One of the main mechanisms involving cisplatin-dependent ototoxicity is the overproduction of ROS in the cochlea [19, 20]. ROS overproduction results in increased lipid peroxidation and apoptosis of IHC connective tissue, stria vascularis, and auditory nerves [4]. Therefore, preventing ROS overproduction and combating the increased oxidative stress might be important steps to avoid cisplatin-dependent ototoxicity. In the present study, we found that ABR-I, ABR-IV, and hearing threshold values were significantly shorter after resveratrol treatment in rats exposed to cisplatin. Eventually, one can conclude that resveratrol provides a significant protective effect on the cochlea, which is shown by shorter ABR I–IV interval values and lower hearing threshold measurements in the experimental model. Recently, Yumusakoglu et al. [21] reported that a systemic administration of resveratrol to guinea pigs significantly protected the cochlea from cisplatin ototoxicity. They also showed that the cochlear level of ROS was considerably decreased in resveratrol-treated animals. In a similar experimental model, Erdem et al. [22] investigated the effects of resveratrol on otoacoustic emission measurements in rats treated with cisplatin. They reported that resveratrol pretreatment is associated with a significant prevention of ototoxicity, as shown by stable values from their otoacoustic emission measurements at 1,418, 2,003, 3,363, 5,560, 8,003, and 9,515 Hz frequencies. These results collectively imply that cisplatin-dependent ototoxicity mainly depends on the ROS increase in the cochlea and that the antioxidant activity of resveratrol could prevent this toxicity.

The present experimental study has clear limitations that warrant a consideration. For example, because of the relatively small number of rats in each group, we were unable to identify the minor differences in the physiological studies. Another limitation was the lack of measurements of oxidative and antioxidative parameters in either cochlear tissue or plasma. The measurement and comparison of oxidative parameters or antioxidant enzyme levels between the groups could be more valuable in future studies on the topic.

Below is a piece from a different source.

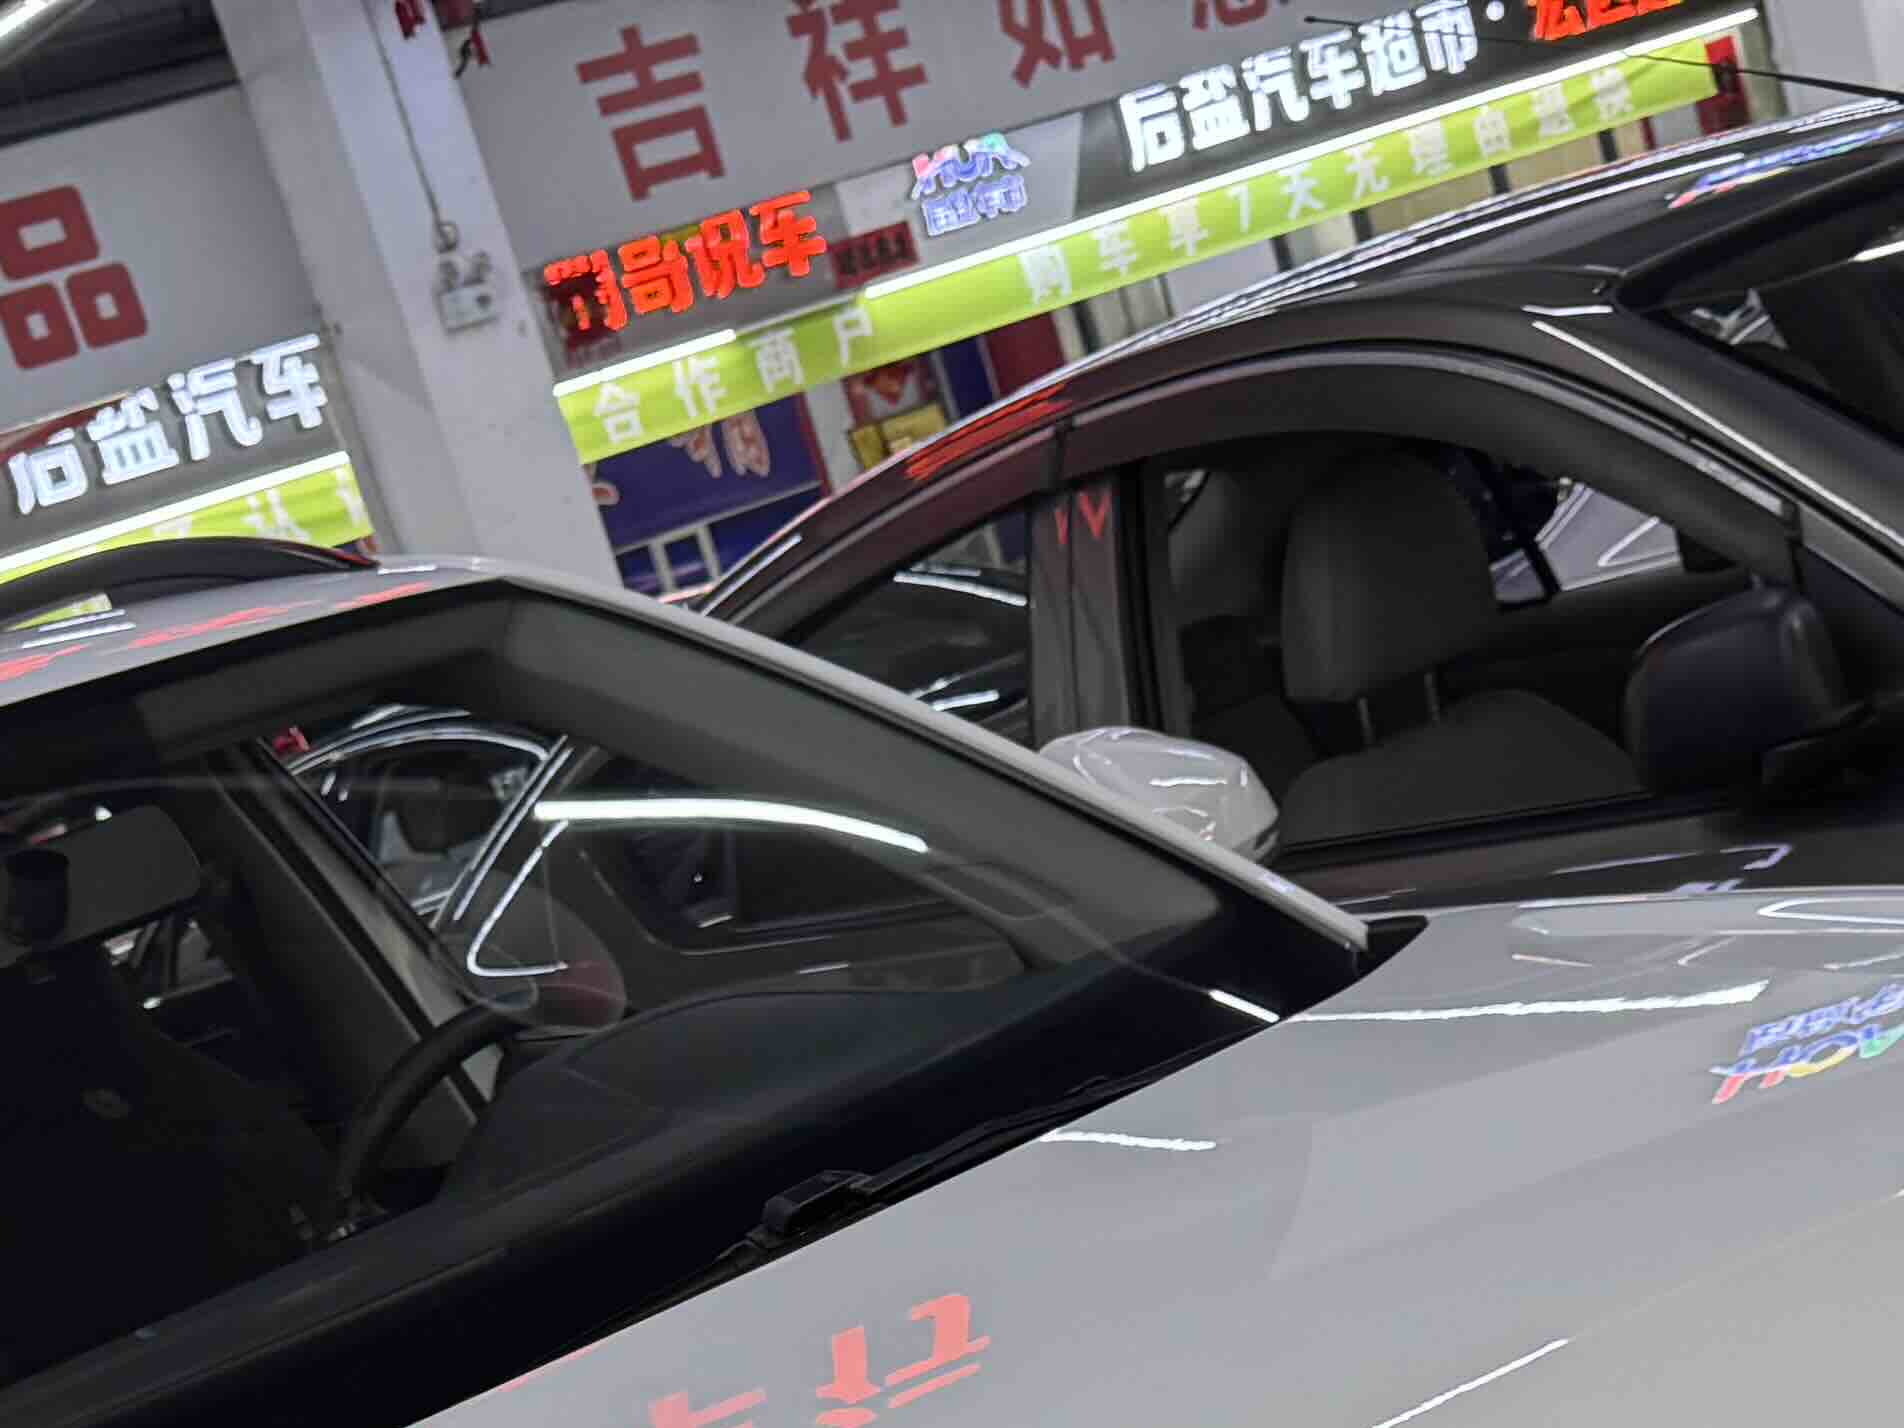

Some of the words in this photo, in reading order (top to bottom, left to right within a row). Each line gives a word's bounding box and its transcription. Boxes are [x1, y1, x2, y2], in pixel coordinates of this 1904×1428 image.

[1120, 2, 1479, 172] 后盐汽车超市
[593, 304, 875, 445] 合作商户

We conclude that pretreating rats with i.p. resveratrol can significantly protect the cochlear function due to the compound’s antioxidant properties. As resveratrol is a common product that is available as a dietary supplement, it can be easily given to patients undergoing cisplatin chemotherapy to avoid the irreversible loss of hearing, which is the most significant dose-limiting side effect of the anti-cancer agent.